Disrupt VC model, says Draper Startup House exec
Why should geography limit venture capital? In the current VC model, where most platforms are local or regional, startups find it difficult to raise capital from an investor outside their borders.
This is precisely why Singapore-based Draper Startup House has launched its own funding platform, Draper Startup House Ventures. And why it is committed to disrupting the current VC model in order to match startups and investors from all across the globe.
Leveling the playing field
“That’s what we’re going to do. We’re going to mix things up. And at the same time, a lot of our partners indicated that they were interested in investing across borders. But they didn’t have the clarity. They didn’t have the oversight. And didn’t have the expertise. So along those lines if we can help connect entrepreneurs with the capital, then I think that would be a pretty cool thing to do,” said Giulianna Crivello, Head of Ventures, International, at Draper Startup House.
Crivello was the speaker at a webinar that Draper Startup House conducted. She shared that in four to six weeks, they put together the partnerships and launched the funding platform.
According to Crivello, the problem with the current VC model is that sometimes connections determine access to capital.
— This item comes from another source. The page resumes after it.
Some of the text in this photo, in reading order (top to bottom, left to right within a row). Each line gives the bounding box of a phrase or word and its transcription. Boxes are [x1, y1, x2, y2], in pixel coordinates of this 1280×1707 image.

This is why entrepreneurs spend so much time in networking events. Because of this, however, a startup is unfortunately constrained by geography.
“An entrepreneur in Chiang Mai who doesn’t have access to global tools or network or has never done this before has substantially less opportunity than somebody who’s on their third company,” Crivello said.
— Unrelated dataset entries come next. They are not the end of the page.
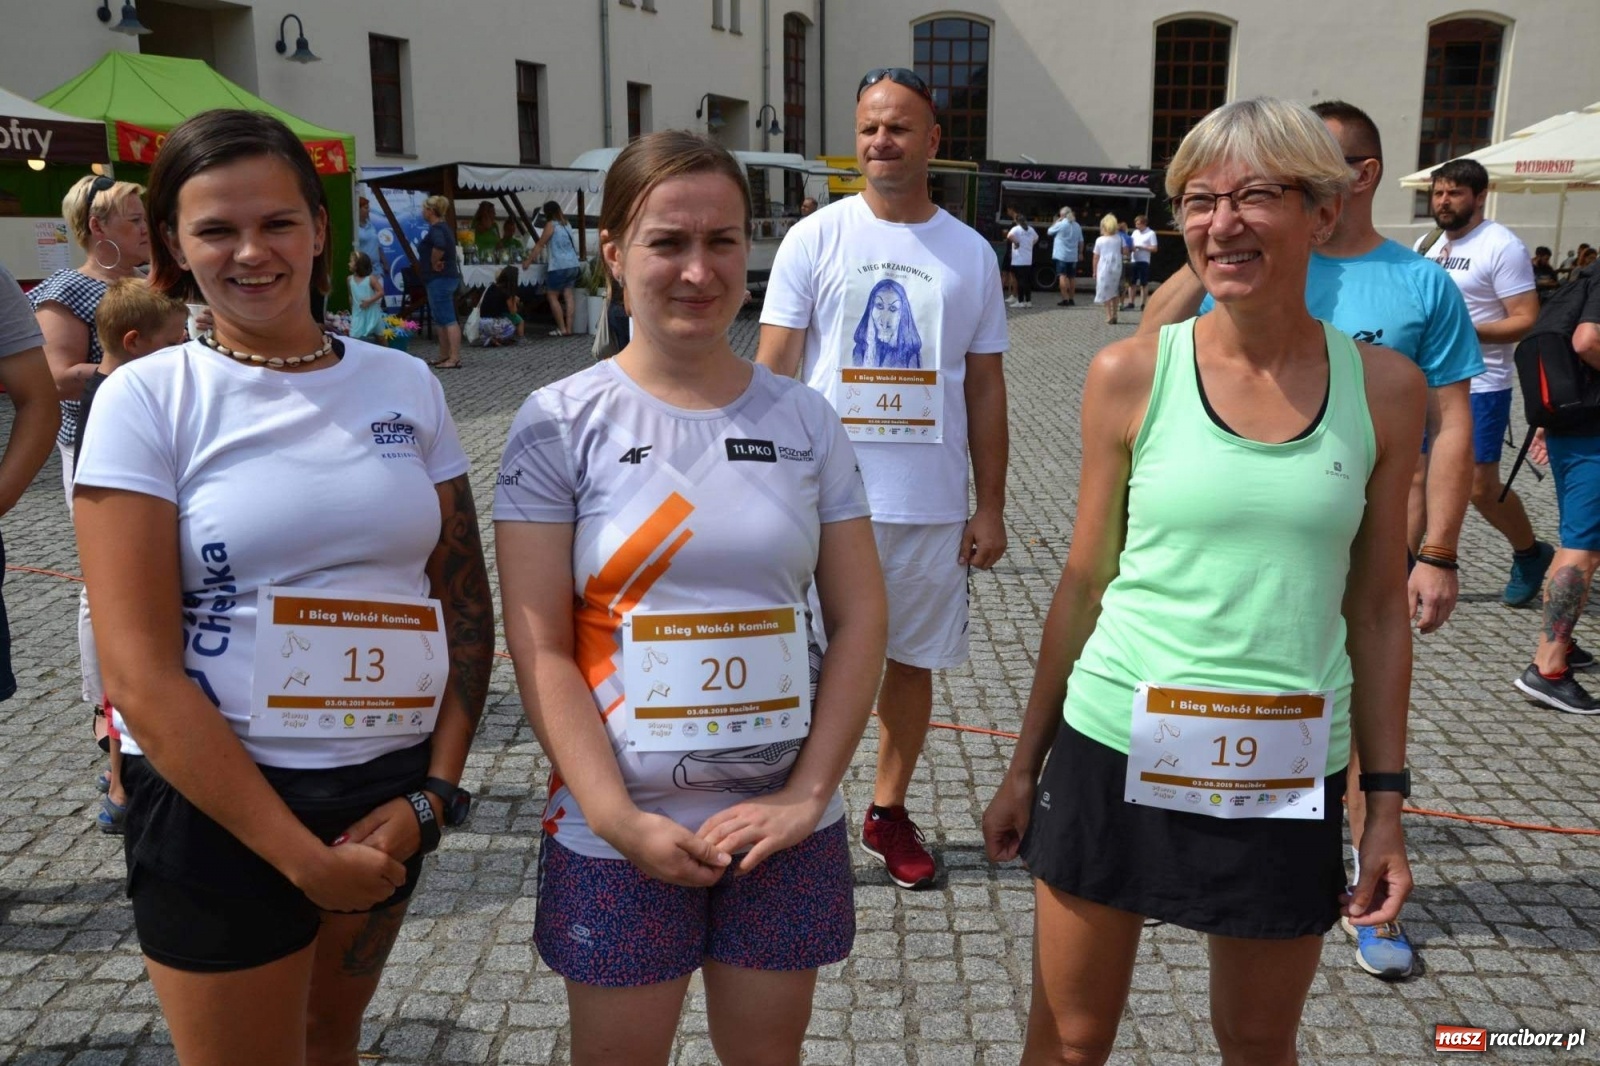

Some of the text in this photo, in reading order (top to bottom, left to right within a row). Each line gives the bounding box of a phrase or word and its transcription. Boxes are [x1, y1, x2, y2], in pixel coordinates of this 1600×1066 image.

[1515, 160, 1575, 173] RACIBORSKIE
[1004, 168, 1150, 184] SLOW BBQ TRUCK
[1444, 257, 1471, 271] HUTA
[862, 263, 880, 272] BIEG
[881, 263, 933, 283] KRZANOWICKI
[876, 393, 902, 412] 44
[619, 445, 652, 464] 4F
[300, 609, 421, 625] I Bieg Wokół Komina
[655, 621, 779, 636] I Bieg Wokół Komina
[343, 647, 385, 682] 13
[701, 656, 747, 691] 20
[687, 707, 728, 716] 03.08.2019
[1171, 700, 1302, 715] I Bieg Wokół Komina
[1211, 736, 1257, 768] 19
[1192, 780, 1233, 788] 03.08.2019
She said what Draper Startup House is trying to do is to provide better access for entrepreneurs.
She also noted that having a presence in nine physical locations means they have satellites of these global networks combined with local insights.
“It’s incredibly important to be able to understand the ecosystem of these fundraising entrepreneurs. Realizing that the Manila ecosystem is vastly different from the United States. And to be able to support these entrepreneurs in fundraising in general,” Crivello said.
Burning through cash
How about the problem startups face when they prioritize growth, burning through their cash instead of generating revenue? And then they hope for the next round of funding to bail them out. Does Crivello see this practice continuing in the post-pandemic world?
“This is a deeper problem also. I think that burning cash instead of generating revenue in the hopes of quick growth and scaling is a classic startup issue and problem. And I think in the post-pandemic world, I actually think it will still be very relevant. Especially now where startups are raising funds in quick rounds. And they’re starting to see whatever can sort of help bridge them through whatever time frame.
“A large part of the VC and fundraising industry is traction. And for very obvious reasons because VCs are so early and you are betting on whatever little historical data in terms of that hockey stick projection. And I don’t think it’s going to go away. Because in the post-pandemic world, there’s going to be a lot of pressure to perform and to stick around,” Crivello said.
So, are you a startup founder looking for an investor? Thanks to this disruption of the VC model, you can now compete on a more level playing field.